The first panel, consisting of security experts and researchers, gave a brief overview of mobile malware. They agreed that mobile malware infection rates are generally very low and that most malware accesses private information by using social engineering, rather than by exploiting technical flaws. Looking forward, Dan Guido, CEO of Trail of Bits, viewed the replacement of legitimate applications in app stores with malware versions as the most serious threat.
The second panel, consisting of security representatives from the major mobile operating systems (Microsoft’s Windows Phone, Google’s Android, Mozilla’s Firefox OS, Research In Motion’s BlackBerry, and Apple’s iOS), addressed how mobile platforms are designed with security in mind. Adrian Ludwig of Google advocated the use of install-time permissions, such as those found in Android, as a way to increase transparency to the user. However, both Adrian Stone of Blackberry and Geir Olsen of Microsoft expressed skepticism as to the effectiveness of permissions for the average user. Ludwig also criticized Apple’s approach of restricting users to “curated” app stores as a restriction on user choice.

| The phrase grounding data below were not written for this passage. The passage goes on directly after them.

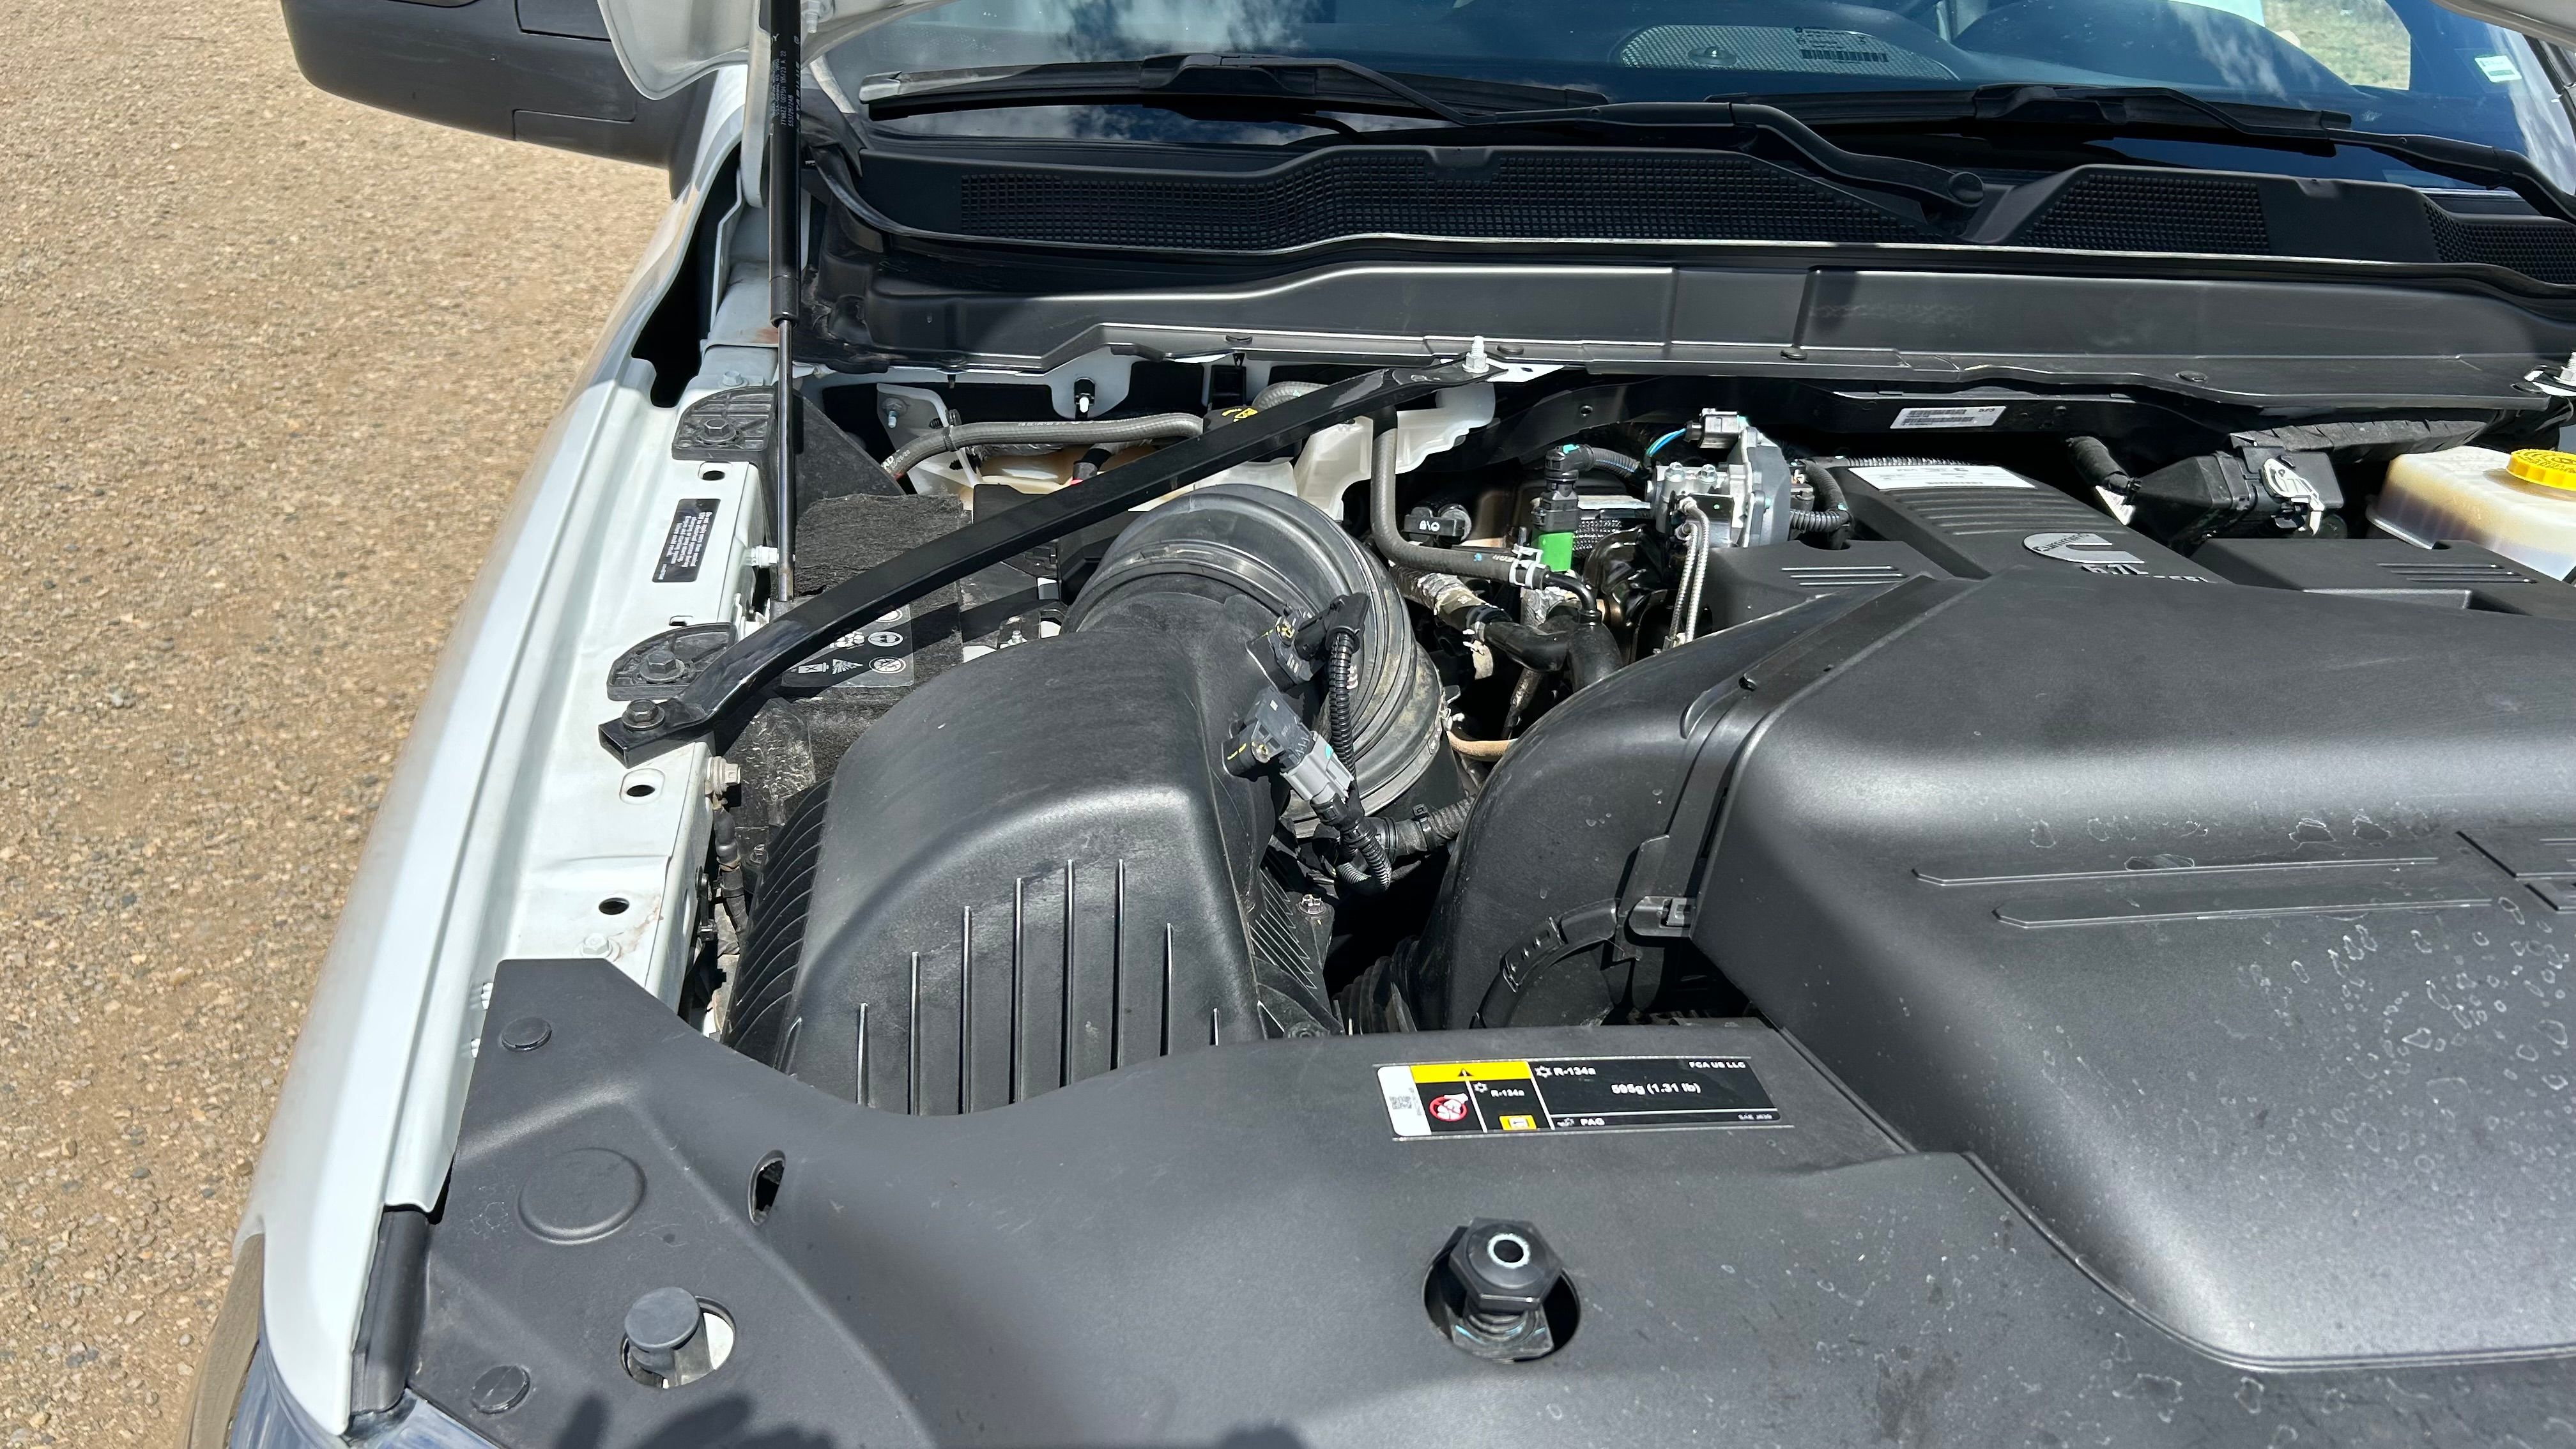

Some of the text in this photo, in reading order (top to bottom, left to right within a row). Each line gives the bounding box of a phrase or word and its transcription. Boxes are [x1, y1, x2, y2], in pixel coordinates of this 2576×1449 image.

[2032, 532, 2090, 551] Cummins
[1553, 1066, 1597, 1077] R-134a
[1491, 1089, 1526, 1098] R-134a
[1646, 1082, 1680, 1094] (1.31
[1682, 1082, 1701, 1094] lb)
[1580, 1117, 1606, 1126] PAG
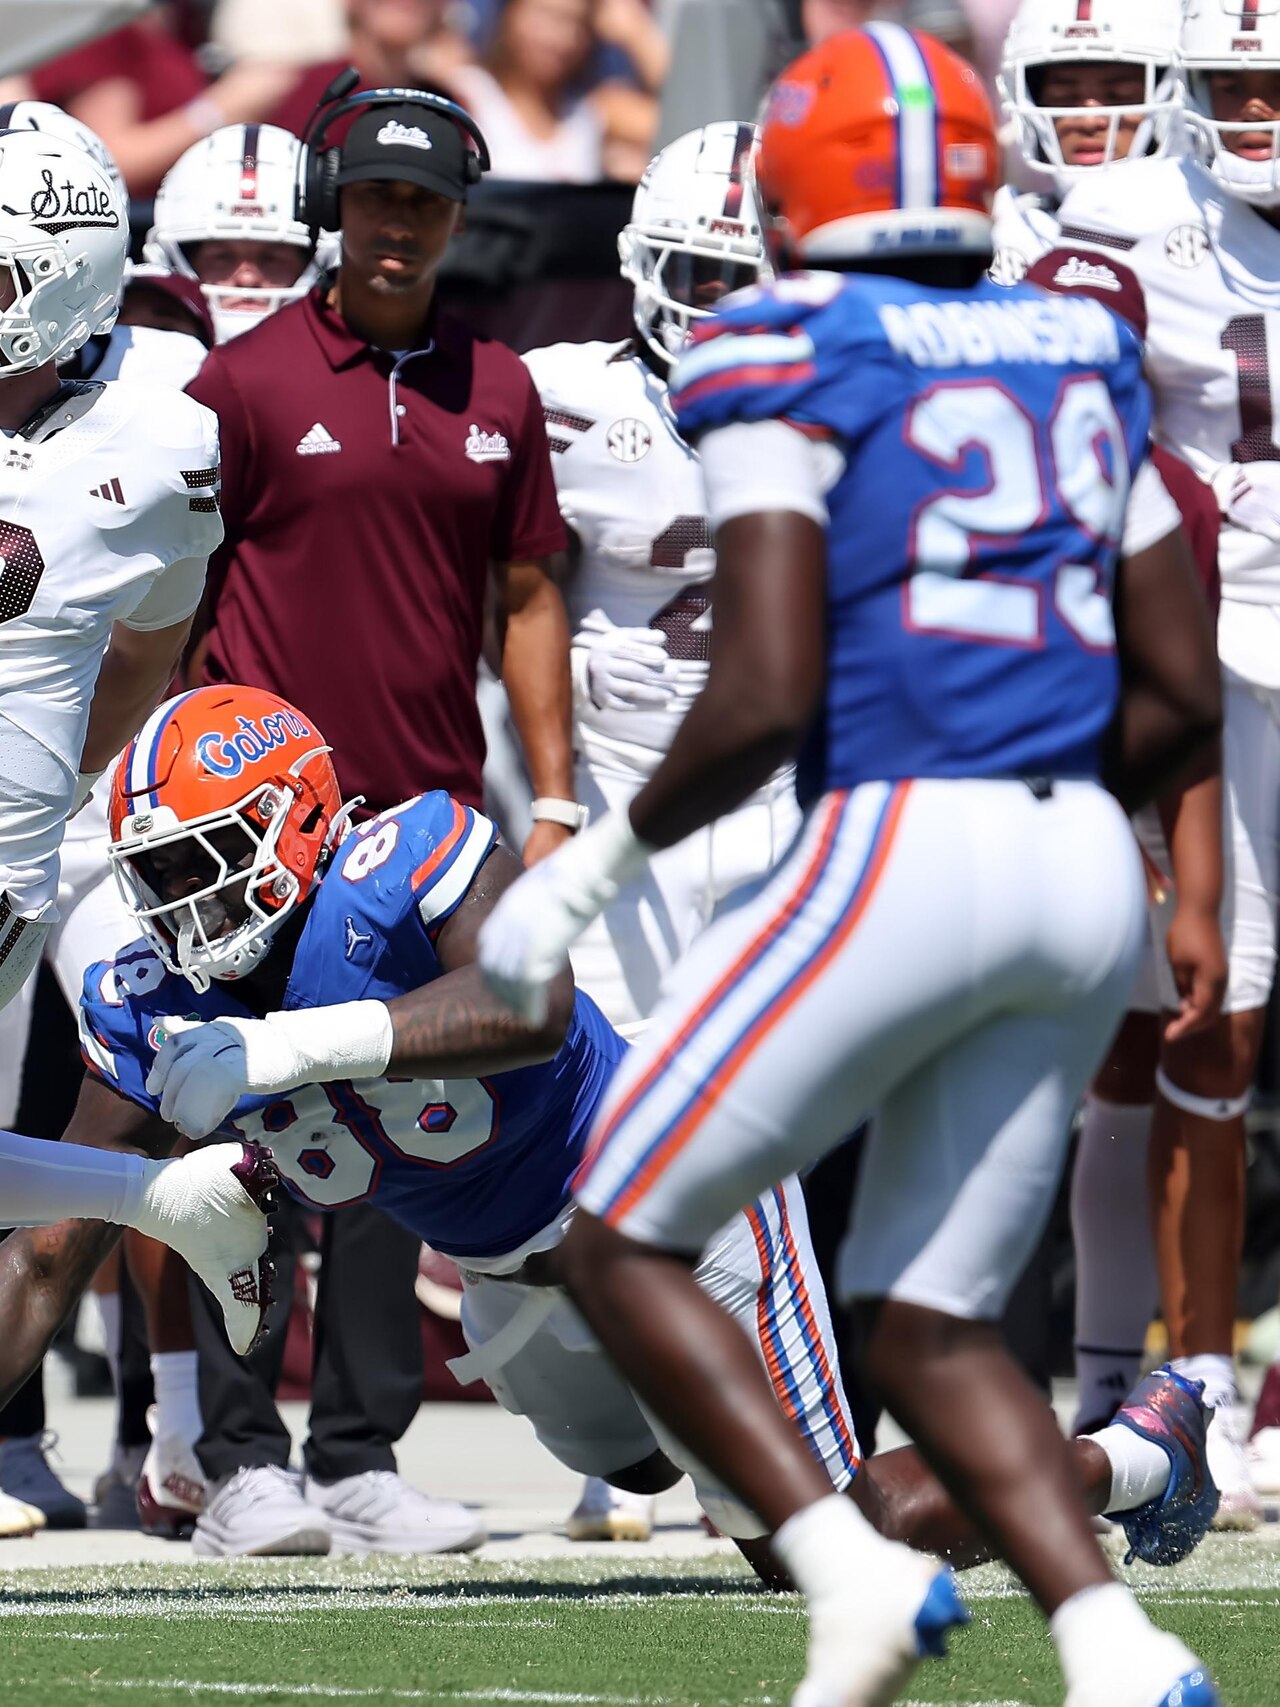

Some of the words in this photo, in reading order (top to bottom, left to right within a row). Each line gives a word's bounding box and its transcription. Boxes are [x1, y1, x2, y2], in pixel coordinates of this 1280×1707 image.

[376, 119, 433, 150] State
[28, 169, 119, 236] State
[1165, 224, 1211, 269] SEC
[1053, 256, 1122, 292] State
[465, 423, 511, 463] State
[606, 418, 652, 463] SEC
[902, 371, 1132, 655] 29
[196, 707, 311, 779] Gators
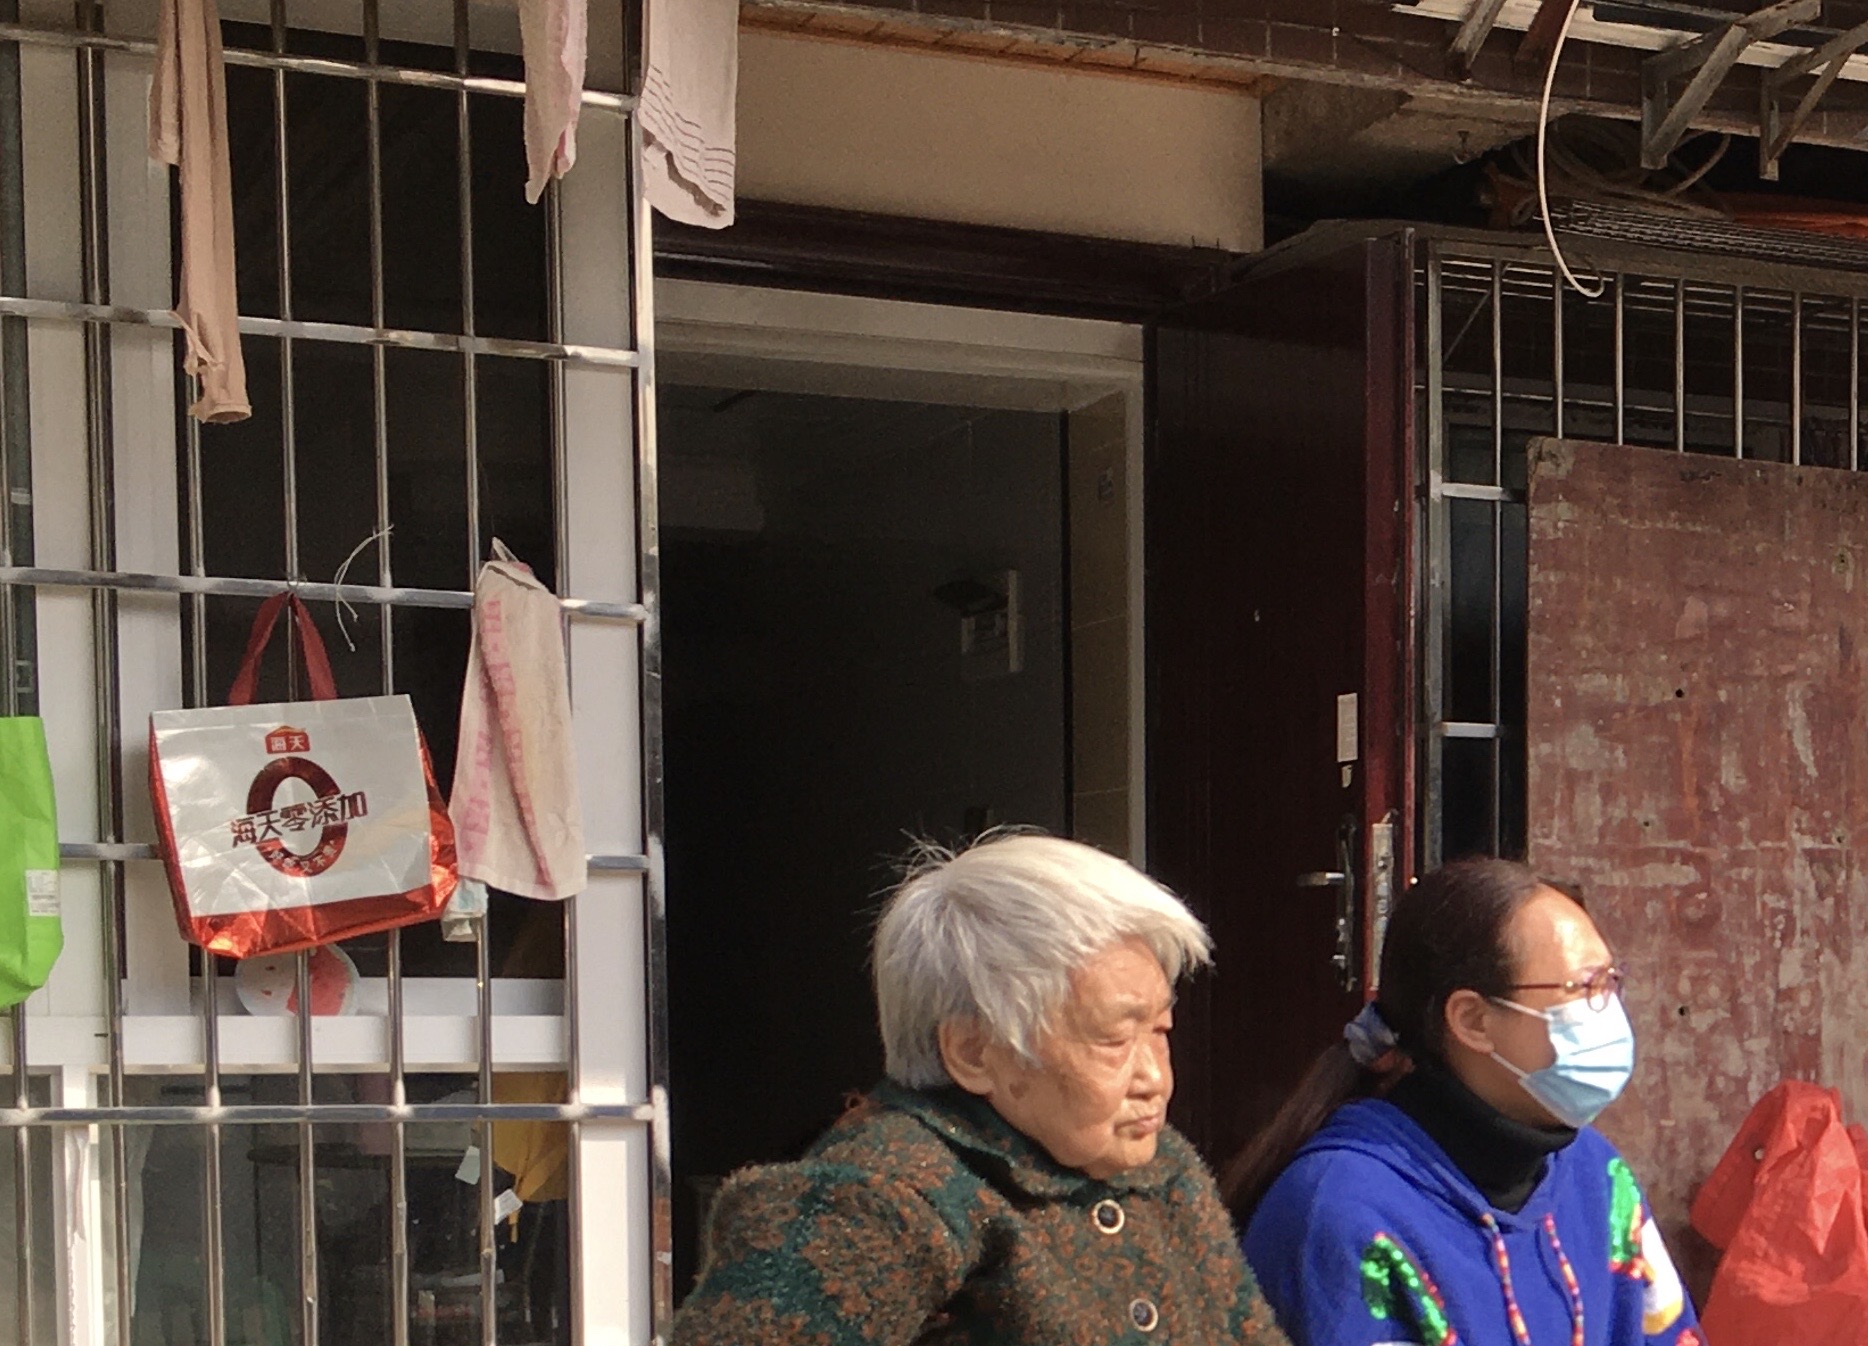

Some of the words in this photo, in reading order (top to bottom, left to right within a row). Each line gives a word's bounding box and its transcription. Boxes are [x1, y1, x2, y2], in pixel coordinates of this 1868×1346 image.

[231, 791, 368, 848] 海天零添加

The third panel contained a diverse group of industry representatives and addressed the perspectives of chipset manufacturers, mobile service providers, security consultants, and developers on mobile security. Alex Rice, the head of product security at Facebook, focused on the industry’s lack of coordination in the patching process. He said that in many cases, the lines of communication between the operating system developer, original equipment manufacturer, and the end user are broken upon the launch of the product, resulting in some users never receiving operating system patches. Additionally, he expressed concern over the current industry practice of waiting until a significant number of users are affected by a particular vulnerability before patching. Alex Gantman of Qualcomm, in contrast, expressed the view that patching was not an efficient use of resources. He argued that due to very low rates of mobile malware infection, security vulnerabilities do not degrade the user experience. Additionally, John Marinho, of the CTIA, disputed claims that the manufacturers and mobile service providers do not coordinate with operating system developers to provide timely patches.
The fourth panel focused on passwords and security products. Markus Jakobsson, CTO of Fatskunk, advocated a password system called “fastwords” that enables a user of a mobile device to quickly enter a secure and memorable password. Other panelists focused on the need for increased regulations applying to stolen phones.